Tot slot op dit punt, mijnheer Ganzevoort.

De heer Ganzevoort (GroenLinks):

Dat is het dictum en dat snap ik, maar de tweede overweging gaat over het bevoegd gezag en de identiteitscommissie en dus over het delegeren van die taken. Ik probeer te snappen wat dan die taken zijn. Klassiek zijn dat de taken die ik net noemde.

De heer Bruijn (VVD):

De Onderwijsraad heeft dit punt benoemd. De motie gaat over de verhoudingen tussen die commissie enerzijds en het bevoegd gezag — de schoolleiding, de medezeggenschapsraad en een eventuele raad van toezicht — anderzijds. Waar liggen welke bevoegdheden? Dit dient ten behoeve van de waarborgen van de zeggenschap over de identiteit van elke school die onder die stichting valt. Dat is dan ter nadere invulling aan het decentraal overleg. Overigens moet de medezeggenschapsraad er überhaupt mee akkoord gaan voordat zo'n school wordt opgericht. Bovendien is er nog een landelijke geschillencommissie waaraan eventuele geschillen kunnen worden voorgelegd.

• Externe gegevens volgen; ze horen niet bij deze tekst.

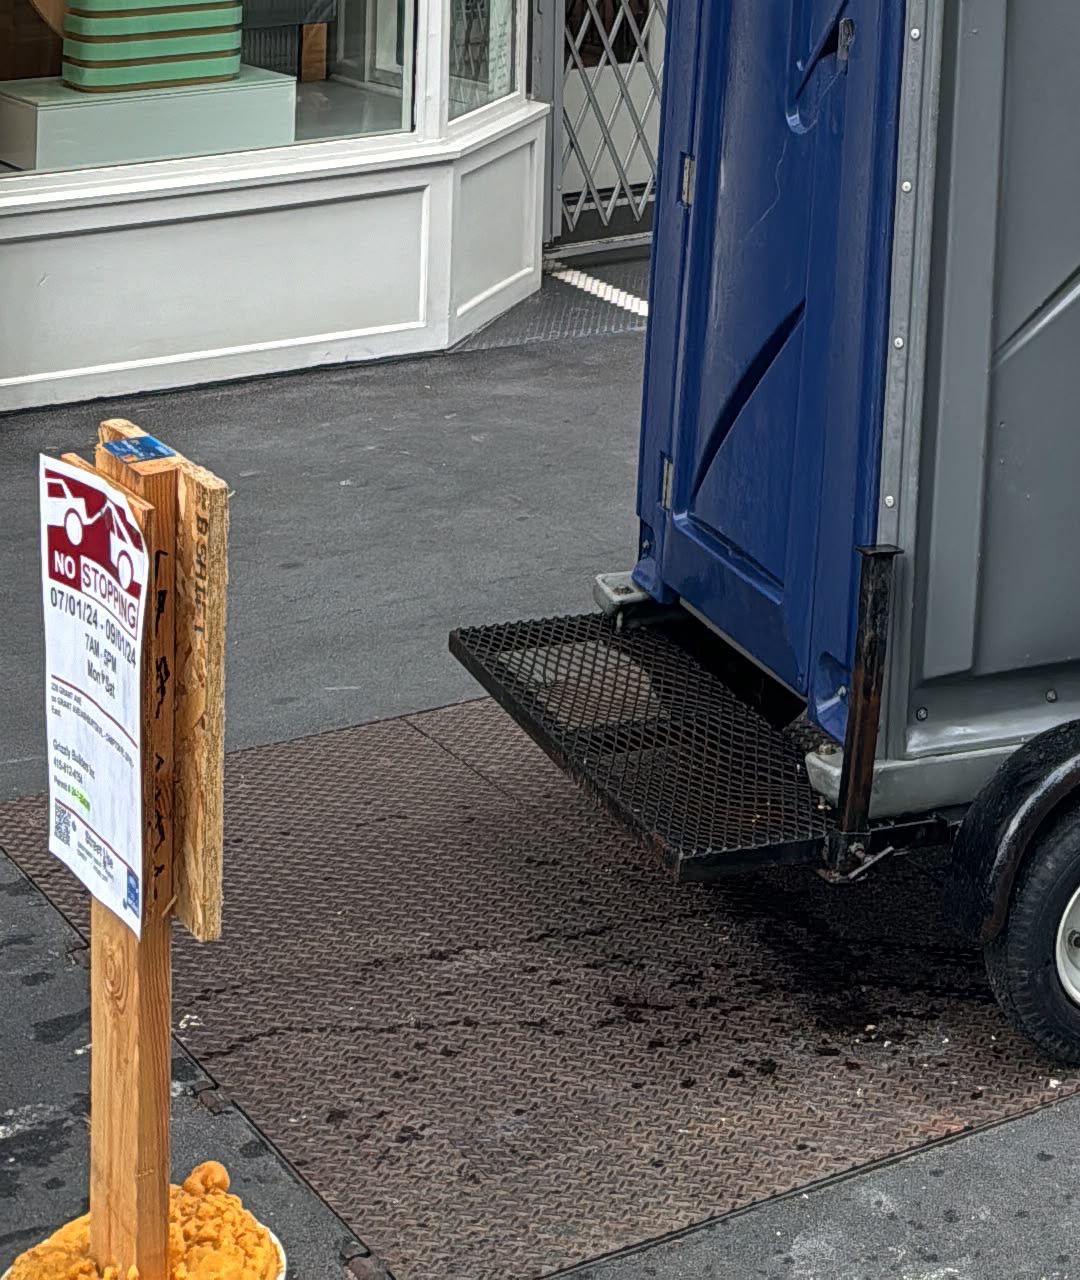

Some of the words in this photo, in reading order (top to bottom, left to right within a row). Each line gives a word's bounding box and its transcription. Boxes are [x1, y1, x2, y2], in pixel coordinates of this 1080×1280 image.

Mevrouw De Vries-Leggedoor i (CDA):

Ik probeer het kort te doen. De heer Bruijn zegt dat de motie tegemoetkomt aan de bezwaren van onder andere de Raad van State, maar die had het niet over het waarborgen van het bijzondere karakter. Die had het over het feit dat je als openbaar onderwijs niet het bevoegd gezag kunt zijn van het bijzonder onderwijs. De heer Bruijn zegt dat je door bepaalde bevoegdheden aan de identiteitscommissie te delegeren, tegemoetkomt aan de bezwaren. Dan is het bevoegd gezag dus niet het bevoegd gezag van het openbaar onderwijs. Dan zou het bevoegd gezag van de samenwerkingsschool de identiteitscommissie zijn.

De heer Bruijn (VVD):

Nee, een bevoegd gezag is altijd in staat om bevoegdheden te delegeren en heeft ook die vrijheid. Dat is precies de essentie van de figuur van de identiteitscommissie, die de Onderwijsraad onderschrijft. Dit komt tegemoet aan de zorgen van de Raad van State, die gaan over de vraag waar de bevoegdheden liggen. Leg de bevoegdheden dan daar waar ze moeten liggen teneinde de identiteit van de school zo goed mogelijk te bewaken. Die laatste zorg hebben we hier allemaal gedeeld.

De voorzitter:

Tot slot op dit punt, mevrouw De Vries.

Mevrouw De Vries-Leggedoor (CDA):

Dan kan ik niet anders dan constateren dat het bevoegd gezag nog steeds het bevoegd gezag van het openbaar onderwijs blijft, terwijl dat juist de kritiek van de Raad van State is.

De heer Bruijn (VVD):

Nee, die kritiek ging over de bevoegdheden: waar liggen de bevoegdheden? Als het bevoegd gezag een bevoegdheid delegeert naar een identiteitscommissie of een ander lager gelegen echelon, dan ligt daar die bevoegdheid op dat moment.

De voorzitter:

Heel kort, mevrouw De Vries.

Mevrouw De Vries-Leggedoor (CDA):

Dat is prachtig beredeneerd, maar uiteindelijk blijft het bevoegd gezag van het openbaar onderwijs in de samenwerkingsschool het bevoegd gezag van het bijzonder onderwijs, ook in het model van de heer Bruijn.

De heer Bruijn (VVD):

Langs die redenering zou je zelfs kunnen beweren dat de minister het bevoegd gezag is. Er is altijd weer een hoger gezag. Uiteindelijk zijn wij het hier. Het gaat erom waar de identiteit van de school het best bewaakt kan worden. Dat is op het niveau van de school zelf.